In spite of the structural homology to SH3 domains, many crucial residues required for binding of PPII helix ligands are not conserved in any of the four domains encoded by the mia gene family17,22. This abolishes the molecular basis for the interaction with PPII helix ligands, in good agreement with the results of the NMR-based titration experiments (Fig. 1b, c).

Structural differences between the cargo-recognition domain in invertebrates and vertebrates

In vertebrates, procollagens are prepared for export at ERES by a ternary complex between TANGO1’s cargo-recognition domain, the vertebrate-specific chaperone HSP47, and the procollagen itself8,23. In invertebrates, however, a conundrum emerges as they lack HSP47, yet the luminal cargo-recognition domain, previously annotated as an SH3, is apparently conserved on the domain level throughout metazoans3,24. Yet, on a sequence level, stark differences between invertebrates and vertebrates can be observed (Fig. 2a). Both cysteines that form the highly conserved second disulfide bridge, thereby tethering the domain’s C-terminus to the RT loop in vertebrates, are absent in invertebrates (Fig. 2b). Using NMR spectroscopy, assignment of the backbone resonances of the sequence (Fig. 2a) from Drosophila melanogaster (dmTANGO1(30-139)) corresponding to hsTANGO1(21-131) provided first structural insights based on the chemical shift index (CSI). The chemical shift of NMR resonances depends on the chemical environment of the observed nucleus and therefore encodes structural information, from which the secondary structure element composition based on the CSI can be derived25. This analysis revealed a topology similar to the human domain, with two additional β-strands in the RT loop, which are also observed for canonical SH3 domains26. Subsequent analysis of the pico- to nanosecond dynamics via the heteronuclear 15N{1H} NOE (hetNOE) showed substantial differences in the dynamic properties (Fig. 2c, d). Firstly, both domains exhibit decreased hetNOEs for both termini, suggesting these to be unstructured, i.e., highly dynamic. However, for dmTANGO1(30-139) this is already observed for the region directly following β7. Conversely, the human domain only displays this behavior after the second disulfide bridge, i.e., the last cysteine (Fig. 2c, indicated in orange). Secondly, in the invertebrate domain the RT loop displays fast dynamics on the pico- to nanosecond timescale, while it is completely rigid in the human domain. This is presumably due to the disulfide bridge that connects the RT loop to the C-terminus. In contrast, the nSrc loop and residues between β6 and β7 displayed decreased hetNOE values for the human domain, indicating fast dynamic structural fluctuations.

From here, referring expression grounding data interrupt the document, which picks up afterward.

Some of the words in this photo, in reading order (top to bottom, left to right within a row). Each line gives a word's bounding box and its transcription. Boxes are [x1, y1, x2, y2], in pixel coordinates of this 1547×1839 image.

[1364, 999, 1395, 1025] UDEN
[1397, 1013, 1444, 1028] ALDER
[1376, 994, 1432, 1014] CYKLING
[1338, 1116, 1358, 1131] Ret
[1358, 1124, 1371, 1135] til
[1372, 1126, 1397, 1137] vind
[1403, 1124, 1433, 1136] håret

Fig. 2: The cargo-recognition domain is conserved in invertebrates and distinctly different from the vertebrate domain.
figure 2

a Sequence alignment of TANGO1’s cargo-recognition domain from Homo sapiens and Drosophila melanogaster computed with ClustalOmega. Conserved and semi-conserved residues are displayed by asterisks and colons also highlighted in orange and purple, respectively. Disulfide bridges are indicated by orange lines, secondary structure elements above and below, according to the determined structure or the chemical shift index (CSI). The missing second disulfide bridge in invertebrates is indicated by dotted red line (See also Supplementary Fig. 3). b Multiple sequence alignment of several invertebrate organisms. c 15N{1H} hetNOE of TANGO1’s cargo-recognition domain from Homo sapiens and Drosophila melanogaster. Data are presented as mean values +/− standard deviation calculated from all measurements (n = 3). Source data are provided as a Source Data file. d Regions that display motions on the pico- to nanosecond timescale projected to the structures of the domains from human and a predicted structure of D. melanogaster (AF-Q9VMA7-F1 [https://alphafold.ebi.ac.uk/entry/Q9VMA7], accessed via https://alphafold.ebi.ac.uk/) in red. Disulfide bridges are shown as yellow sticks.

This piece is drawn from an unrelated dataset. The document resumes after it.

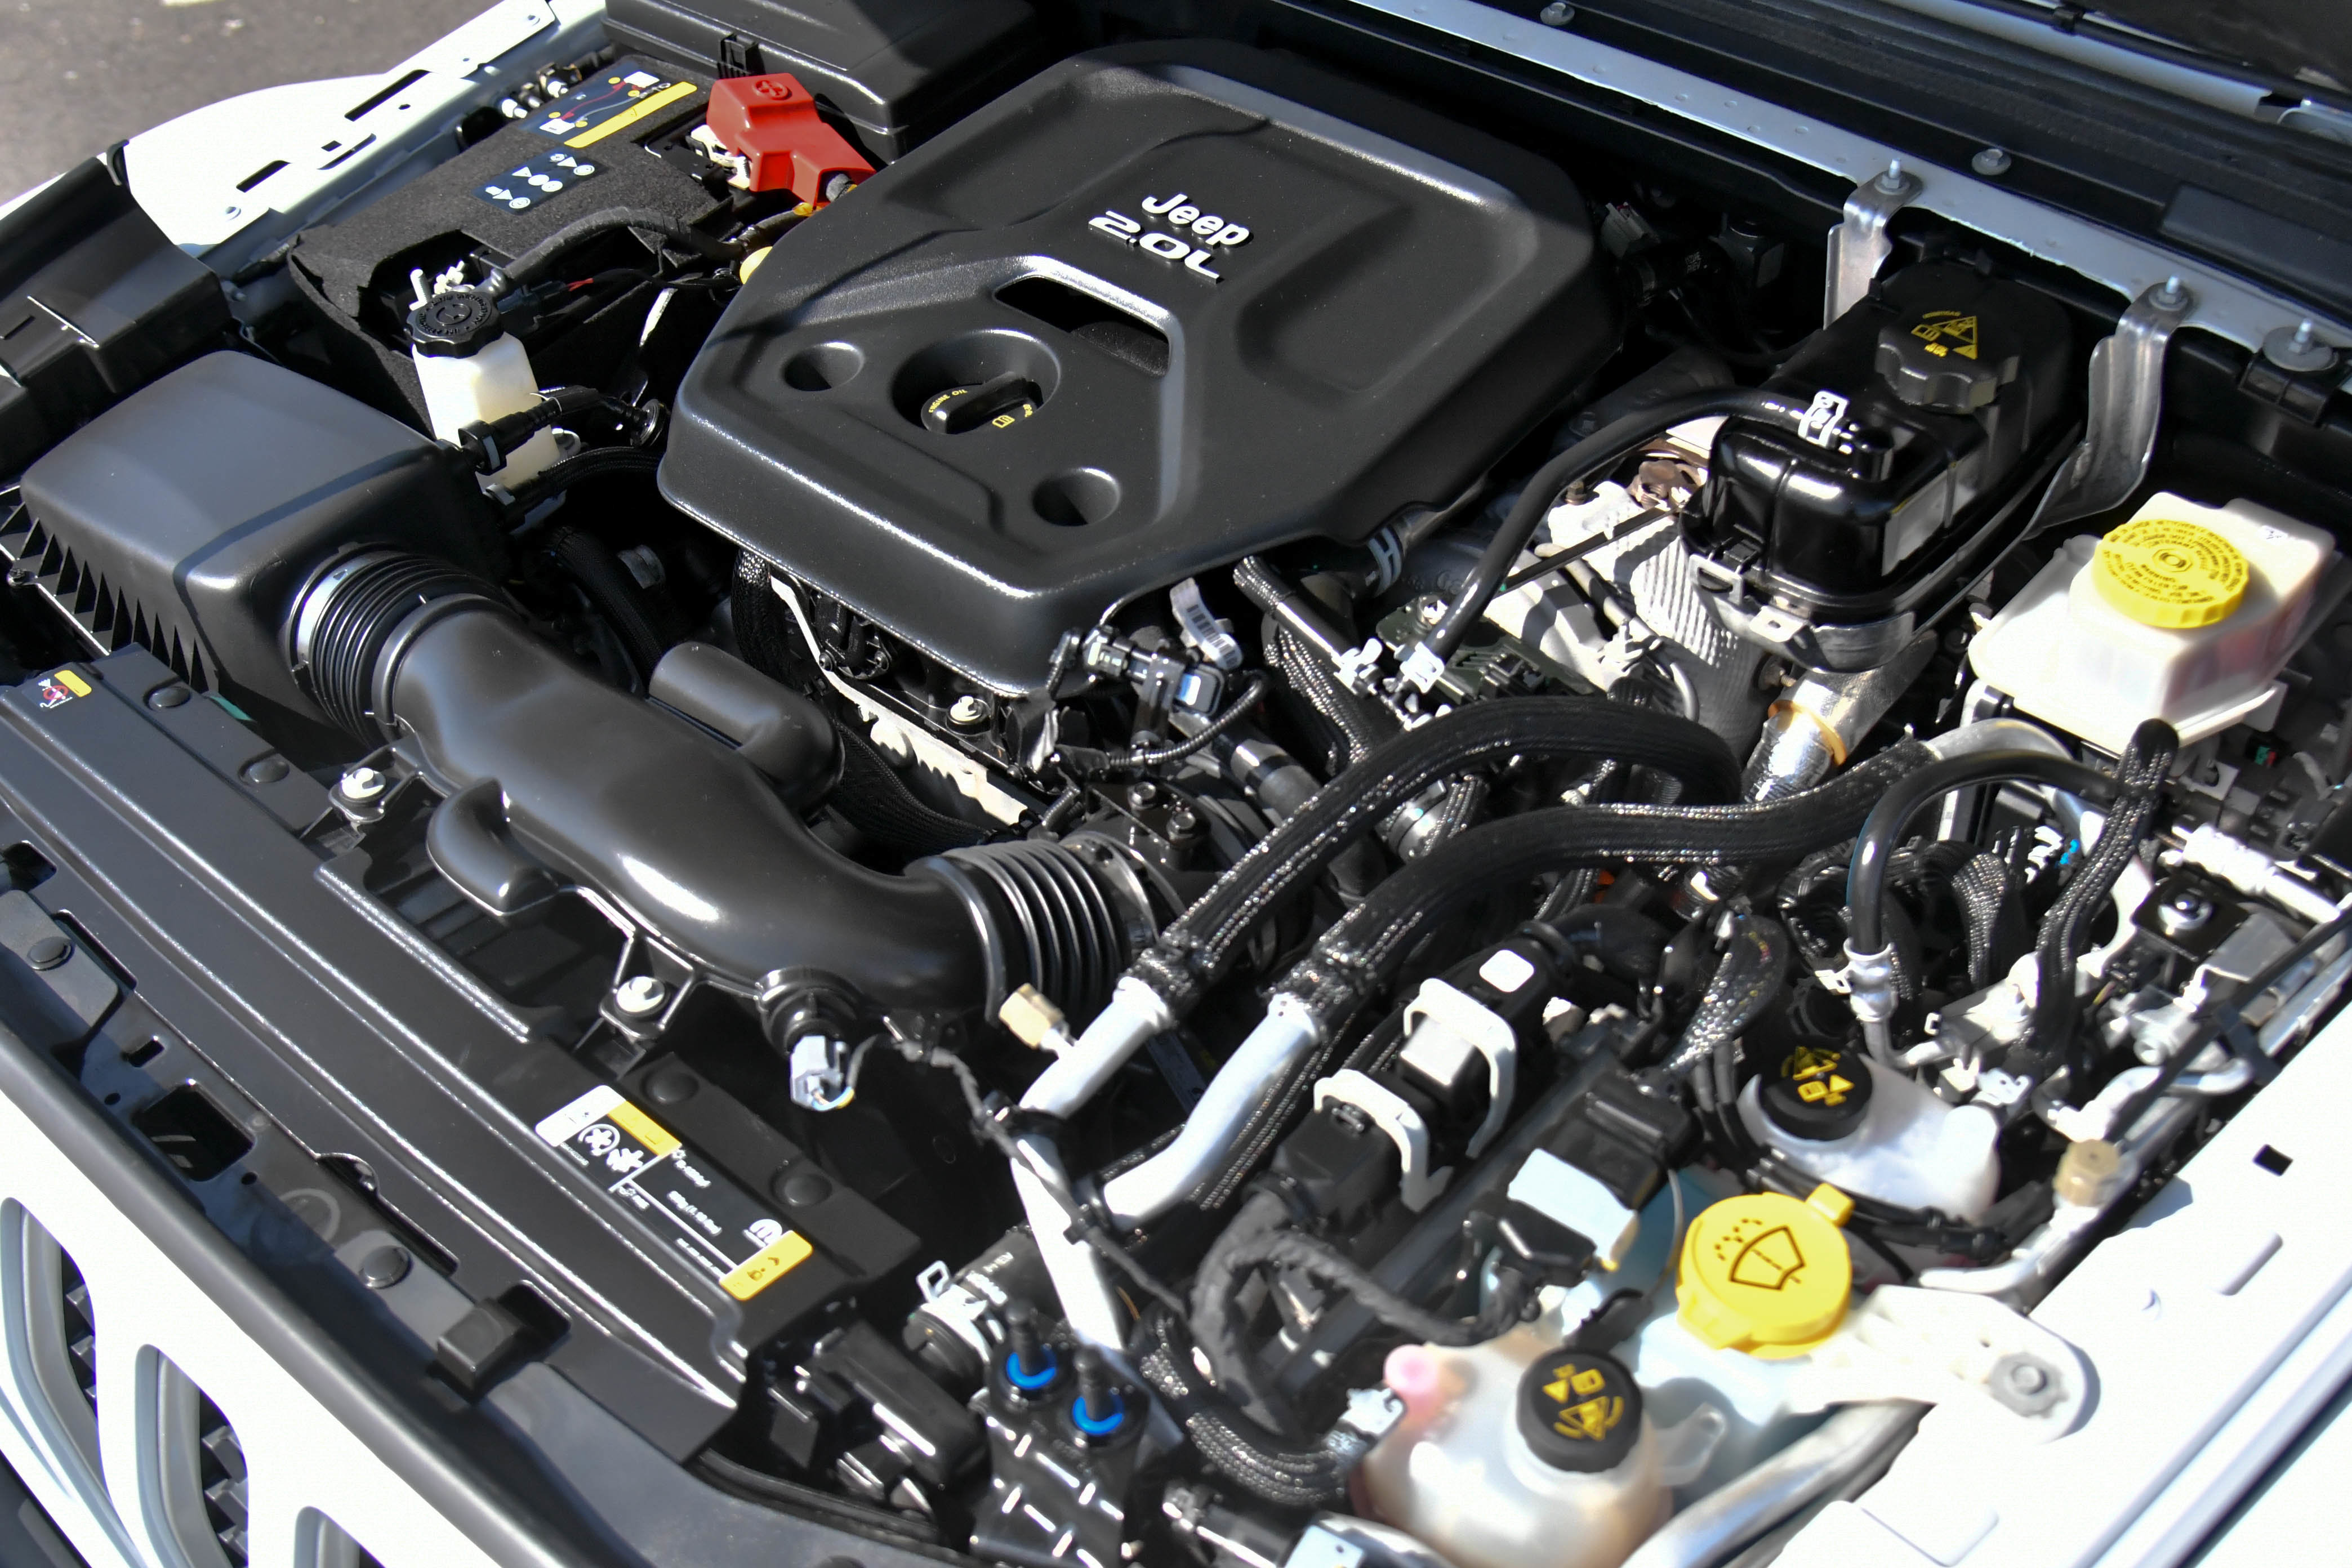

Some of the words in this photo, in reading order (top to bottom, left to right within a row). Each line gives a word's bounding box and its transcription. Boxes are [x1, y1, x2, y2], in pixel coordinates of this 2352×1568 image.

[1088, 210, 1220, 283] 2.0L
[1141, 193, 1250, 248] Jeep
[928, 394, 951, 413] ENGINE

Finally, dmTANGO1(30-139) was also tested for its interaction with PPII ligands even if most residues in SH3 domains critical for this interaction are absent in invertebrate domains of TANGO1. As shown for the human domain, an interaction between the domain and a PPII class II ligand could not be observed (Supplementary Fig. 3).

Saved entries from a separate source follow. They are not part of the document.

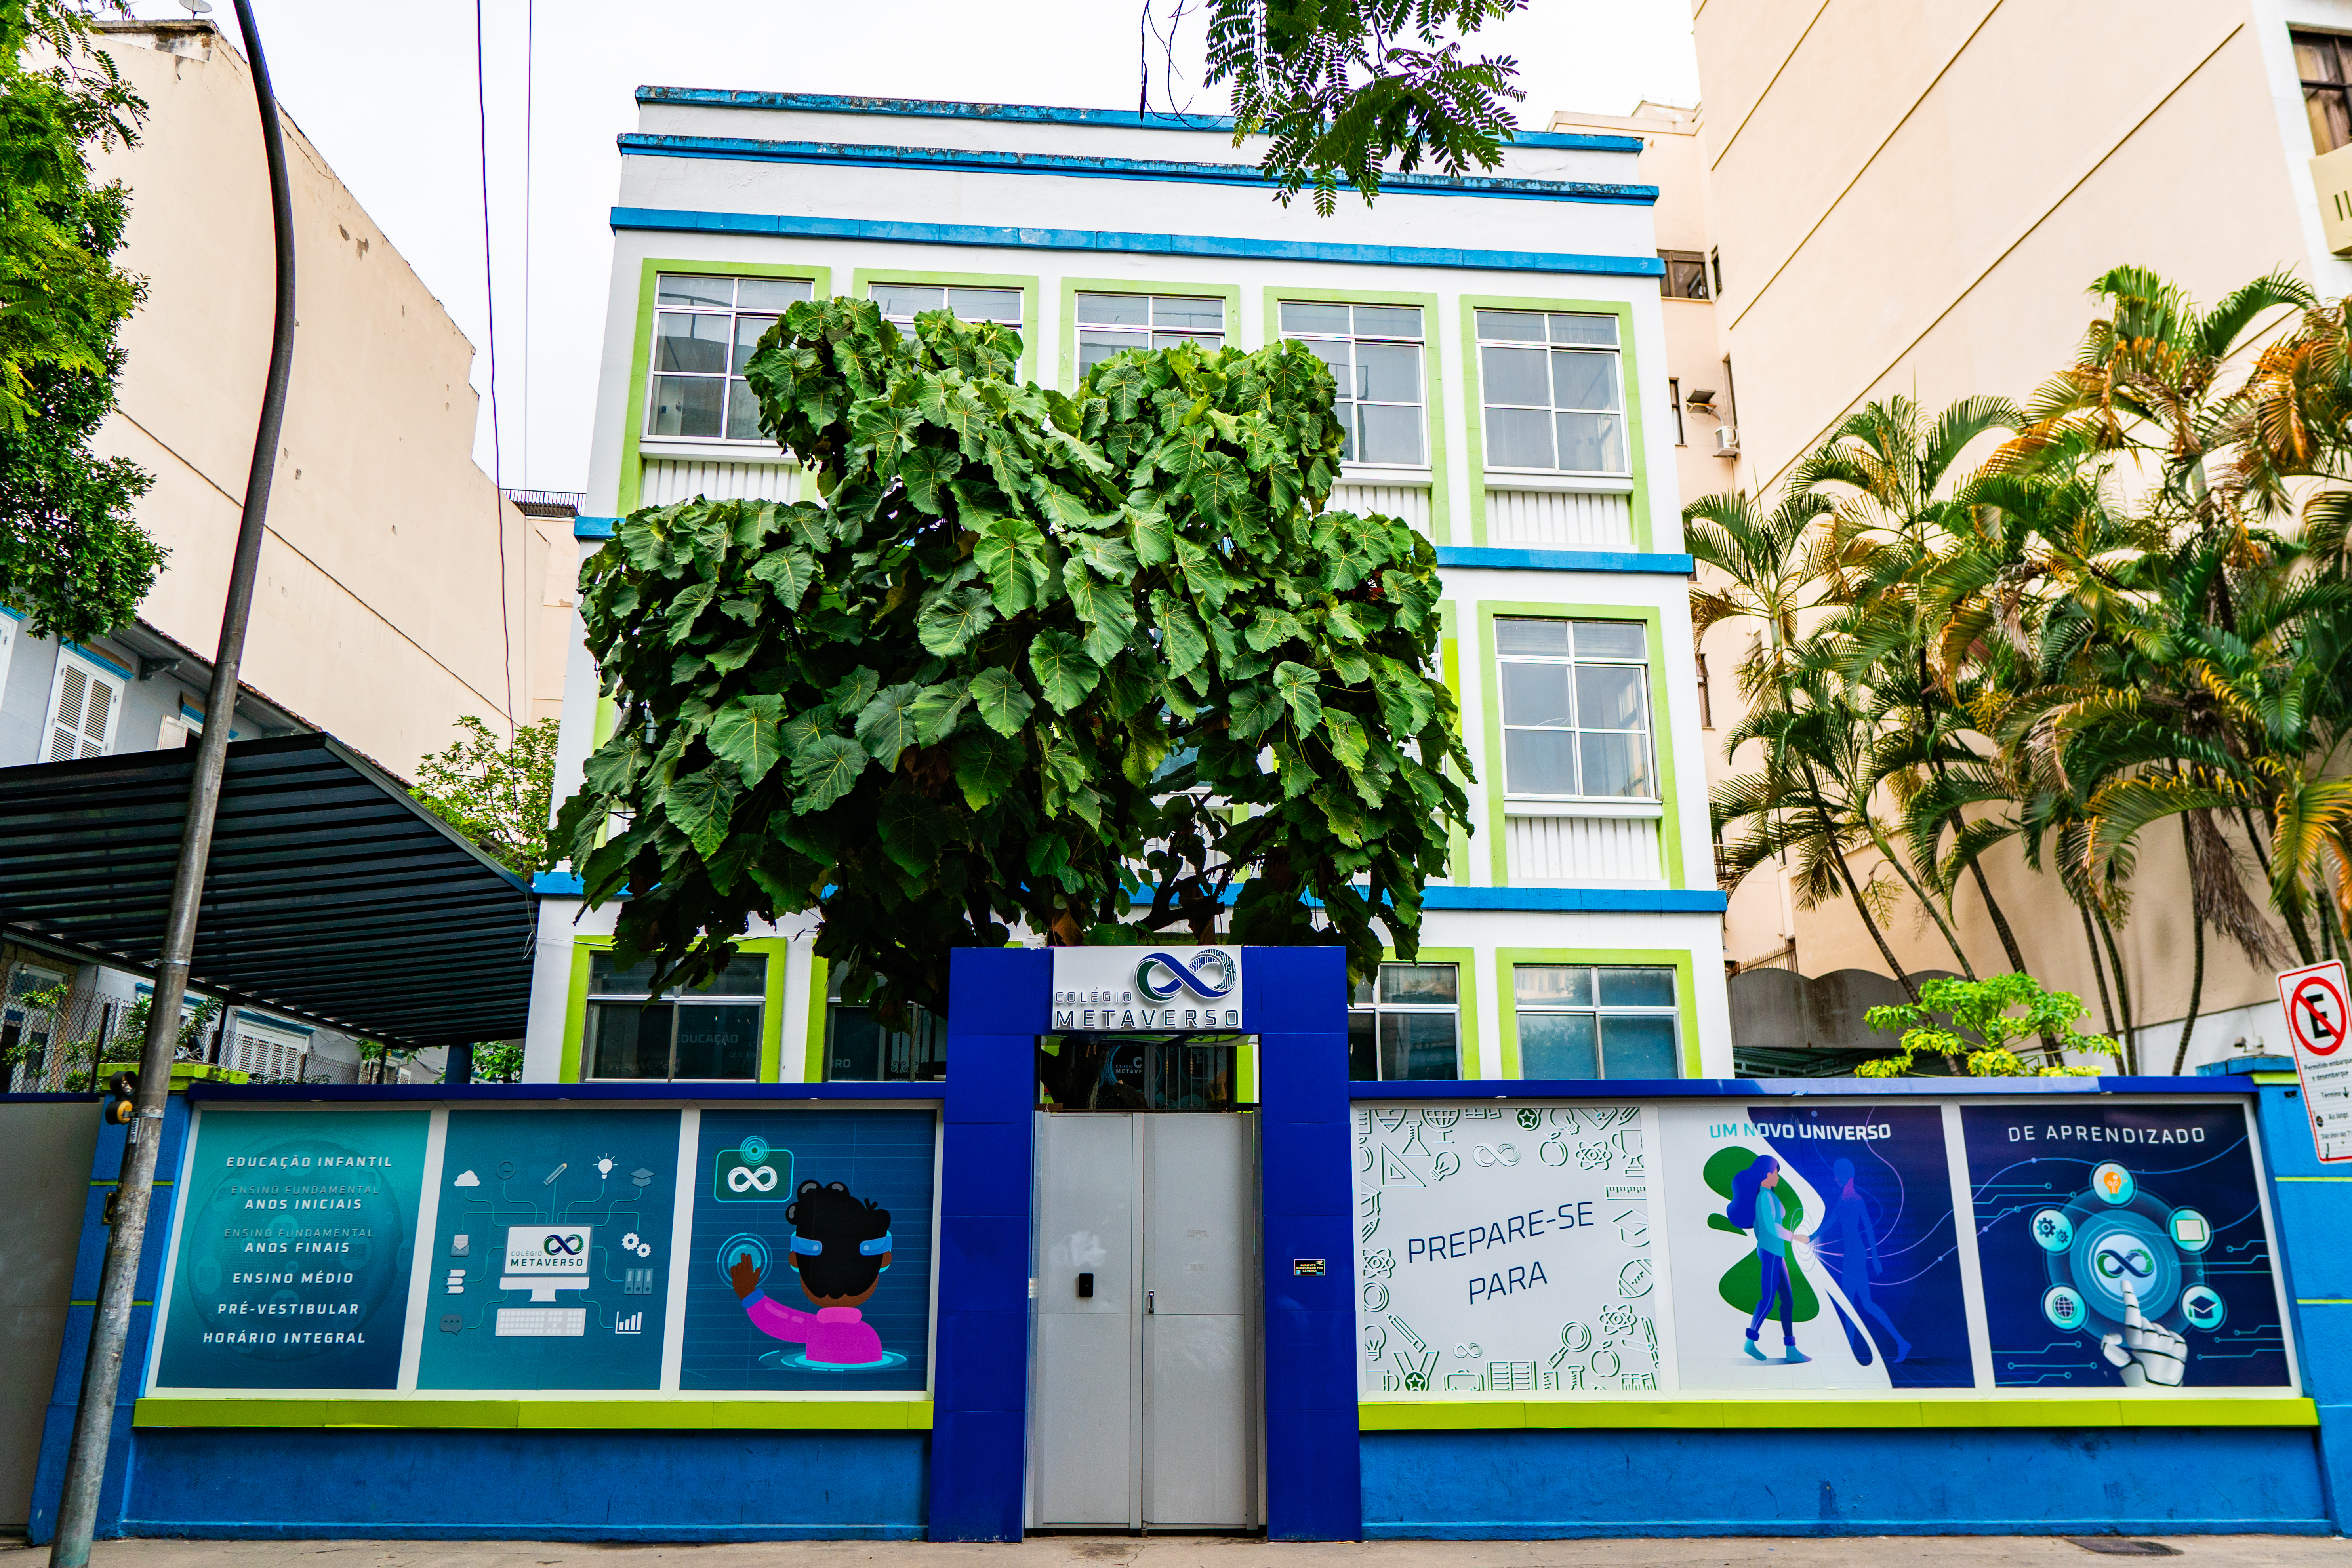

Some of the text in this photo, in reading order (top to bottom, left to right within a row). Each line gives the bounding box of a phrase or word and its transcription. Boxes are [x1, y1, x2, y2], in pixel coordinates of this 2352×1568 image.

[1055, 987, 1132, 1003] COLÉGIO
[1056, 1009, 1239, 1028] METAVERSO
[2317, 1071, 2348, 1080] desembarque
[1710, 1123, 1891, 1140] UM NOVO UNIVERSO
[2009, 1125, 2205, 1143] DE APRENDIZADO
[226, 1155, 392, 1169] EDUCAÇÃO INFANTIL
[231, 1185, 379, 1195] ENSINO FUNDAMENTAL
[244, 1199, 361, 1210] ANOS INICIAIS
[224, 1229, 374, 1238] ENSINO FUNDAMENTAL
[1409, 1202, 1594, 1263] PREPARE-SE
[244, 1242, 350, 1253] ANOS FINAIS
[233, 1270, 353, 1283] ENSINO MÉDIO
[1469, 1261, 1548, 1305] PARA
[218, 1301, 359, 1314] PRÉ-VESTIBULAR
[203, 1330, 365, 1343] HORÁRIO INTEGRAL

In vertebrates, a C-terminal helix is conserved in TANGO1’s cargo-recognition domain

In addition, we compared our experimentally determined structure in solution of hsTANGO1(21-131) with the predicted structure by AlphaFold. Surprisingly, AlphaFold predicted residues 137–148, which were not included in the original construct for our structure determination, to form an amphipathic α-helix that is in contact with TANGO1’s core via hydrophobic residues between the RT and nSrc loop. Aromatic and hydrophobic residues located within this helix that are in contact with the interface at the RT loop appear to be conserved or at least semi-conserved in vertebrates (Fig. 3a). Comparison of our experimental structure to the one predicted one by AlphaFold reveals significant differences for the aromatic network in the domain’s core as well as changes to the surface area between the disulfide and C-terminal loop (Fig. 3e, f). AlphaFold also predicts such a helix for mouse and zebrafish (Fig. 3b), albeit with varying degrees of confidence. Based on this prediction, a synthetic peptide that spans from residues 132–151 of human TANGO1 was titrated to the corresponding cargo-recognition domain (comprising residues 21-131) using solution NMR spectroscopy. Subsequent CSP analysis revealed significant chemical shift differences of the amide resonances surrounding the RT and nSrc loop as well as the 310-helix, in good agreement with the predicted structure (Fig. 3c, d). Residues displaying shift differences exceeding twice the standard deviation and with a relative surface accessibility of 30% or more were used for two-dimensional lineshape analysis, yielding a dissociation constant of 320.8 ± 4.1 µM with a dissociation rate koff of 1.1 × 103 ± 29.1·s−1 (Supplementary Fig. 4c). This C-terminal helix appears to be conserved for TANGO1 throughout vertebrates, which, however, is not the case for TALI (Fig. 4a, b). Instead, residues located C-terminally to the second disulfide bridge in TALI seem to be unstructured and not conserved.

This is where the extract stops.